[Source records]
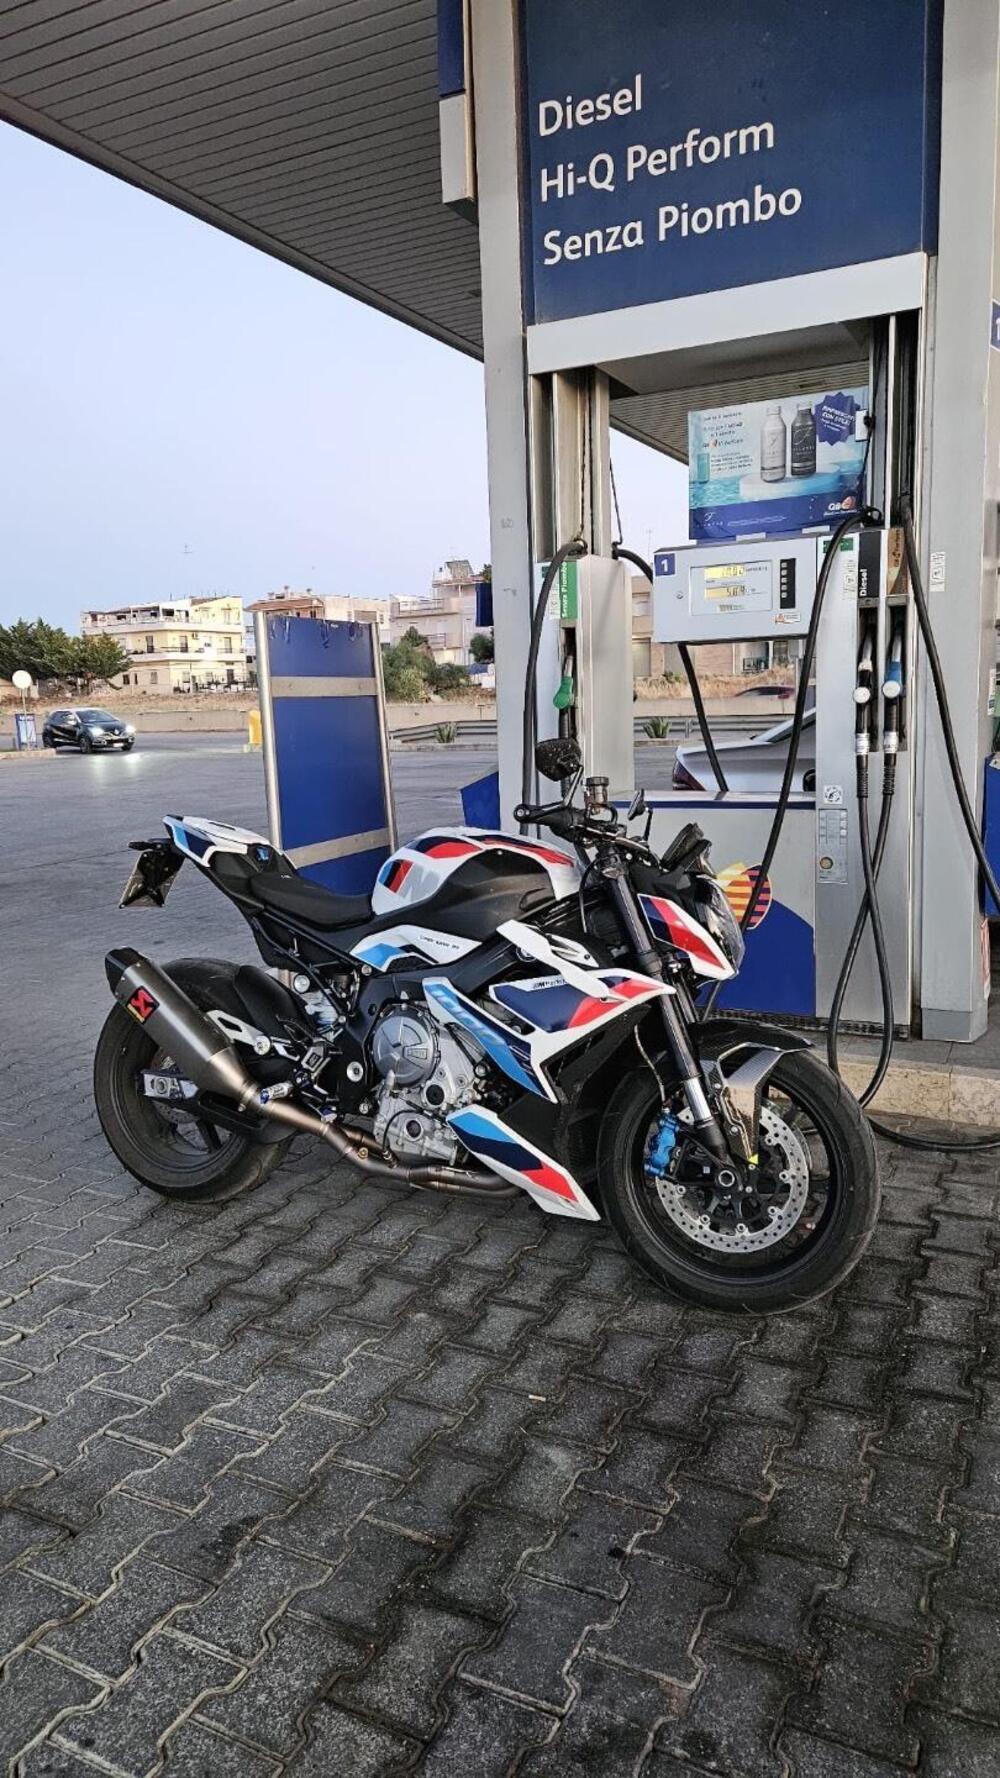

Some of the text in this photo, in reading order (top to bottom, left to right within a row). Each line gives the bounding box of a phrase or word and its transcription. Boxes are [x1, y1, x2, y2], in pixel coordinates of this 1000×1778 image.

[539, 73, 642, 137] Diesel
[541, 122, 774, 202] Hi-Q Perform
[543, 184, 802, 265] Senza Piombo
[661, 558, 668, 572] 1
[859, 568, 868, 597] Diesel
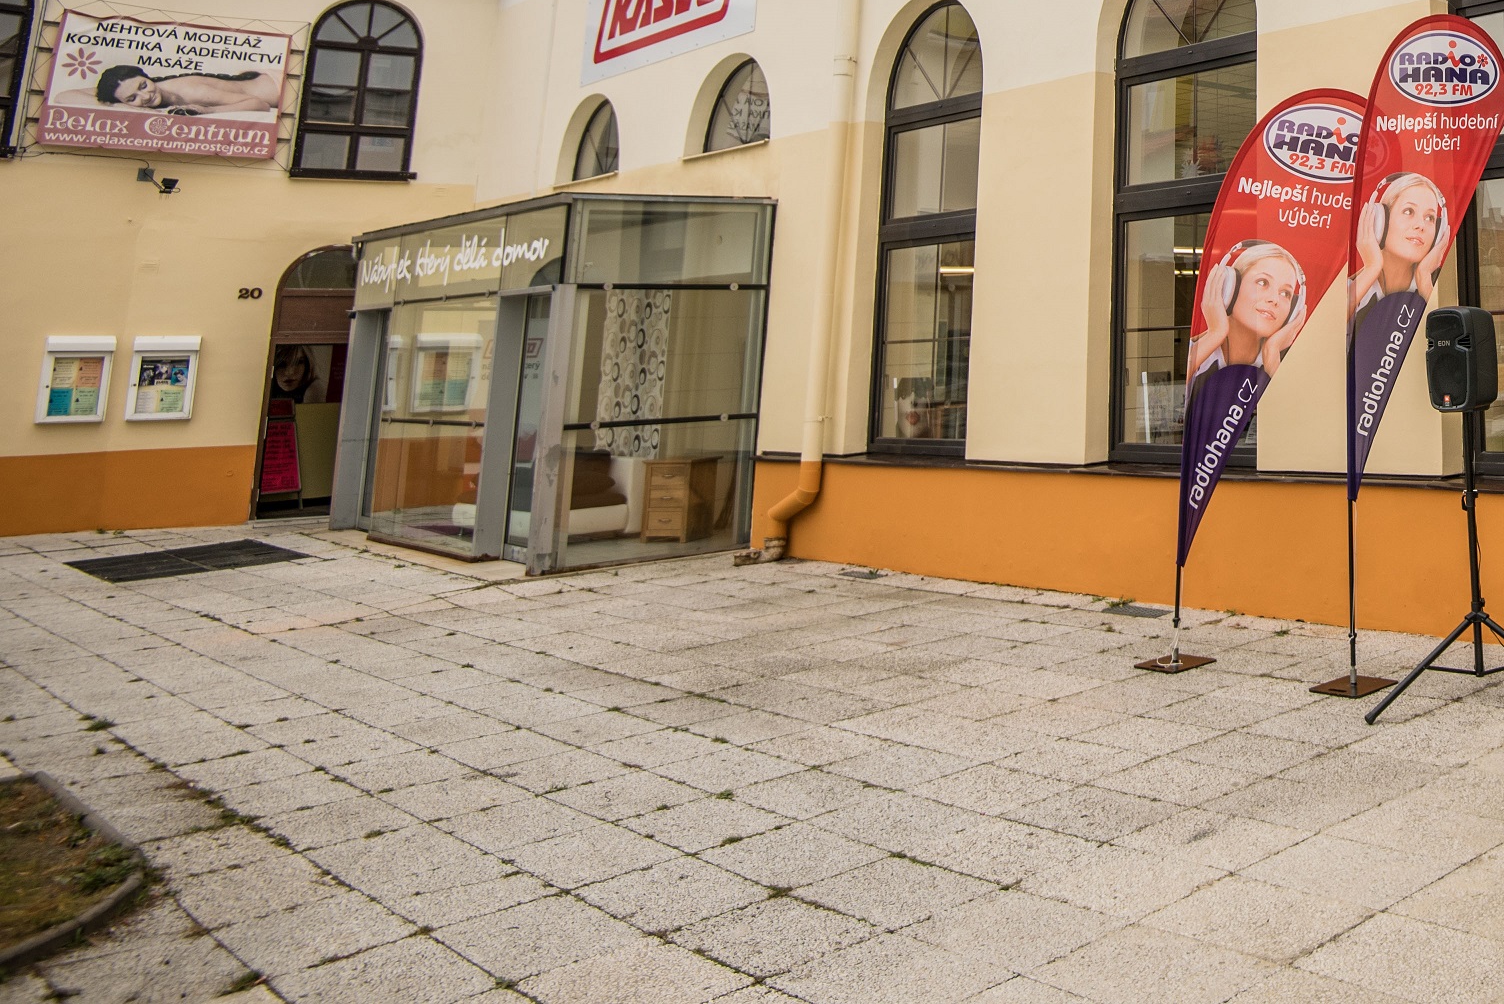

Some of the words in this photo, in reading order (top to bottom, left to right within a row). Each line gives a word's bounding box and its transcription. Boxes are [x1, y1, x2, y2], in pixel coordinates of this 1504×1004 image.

[96, 22, 178, 40] NEHTOVÁ
[183, 31, 263, 49] MODELÁŽ
[65, 33, 163, 53] KOSMETIKA
[176, 45, 283, 64] KADEŘNICTVÍ
[137, 55, 204, 71] MASÁŽE
[1398, 66, 1490, 86] HANA
[1414, 83, 1447, 97] 92,3
[1452, 84, 1473, 96] FM
[44, 107, 129, 134] Relax
[144, 115, 271, 145] Centrum
[1376, 112, 1438, 135] Nejlepší
[1440, 112, 1499, 129] hudební
[44, 131, 269, 155] www.relaxcentrumprostejov.cz
[1272, 132, 1358, 164] HAN
[1414, 133, 1461, 155] výběr!
[1288, 152, 1326, 171] 92,3
[1330, 160, 1355, 176] FM
[1237, 176, 1310, 203] Nejlepší
[1310, 187, 1352, 210] hude
[1278, 206, 1332, 229] výběr!
[361, 245, 412, 294] Nábytek
[415, 239, 450, 286] který
[453, 233, 488, 272] dělá
[491, 227, 550, 268] domov
[238, 287, 263, 300] 20
[1357, 304, 1415, 437] radiohana.cz
[1188, 378, 1259, 510] radiohana.cz

▶ [Task goal]: Would you output the data exactly, without any of its images?

▶ [Output of the task]:
Some of the text in this photo, in reading order (top to bottom, left to right within a row). Each line gives the bounding box of a phrase or word and its transcription. Boxes are [x1, y1, x2, y2], in pixel coordinates of this 1000×1778 image.

[539, 73, 642, 137] Diesel
[541, 122, 774, 202] Hi-Q Perform
[543, 184, 802, 265] Senza Piombo
[661, 558, 668, 572] 1
[859, 568, 868, 597] Diesel

Some of the words in this photo, in reading order (top to bottom, left to right within a row). Each line gives a word's bounding box and its transcription. Boxes are [x1, y1, x2, y2], in pixel coordinates of this 1504×1004 image.

[96, 22, 178, 40] NEHTOVÁ
[183, 31, 263, 49] MODELÁŽ
[65, 33, 163, 53] KOSMETIKA
[176, 45, 283, 64] KADEŘNICTVÍ
[137, 55, 204, 71] MASÁŽE
[1398, 66, 1490, 86] HANA
[1414, 83, 1447, 97] 92,3
[1452, 84, 1473, 96] FM
[44, 107, 129, 134] Relax
[144, 115, 271, 145] Centrum
[1376, 112, 1438, 135] Nejlepší
[1440, 112, 1499, 129] hudební
[44, 131, 269, 155] www.relaxcentrumprostejov.cz
[1272, 132, 1358, 164] HAN
[1414, 133, 1461, 155] výběr!
[1288, 152, 1326, 171] 92,3
[1330, 160, 1355, 176] FM
[1237, 176, 1310, 203] Nejlepší
[1310, 187, 1352, 210] hude
[1278, 206, 1332, 229] výběr!
[361, 245, 412, 294] Nábytek
[415, 239, 450, 286] který
[453, 233, 488, 272] dělá
[491, 227, 550, 268] domov
[238, 287, 263, 300] 20
[1357, 304, 1415, 437] radiohana.cz
[1188, 378, 1259, 510] radiohana.cz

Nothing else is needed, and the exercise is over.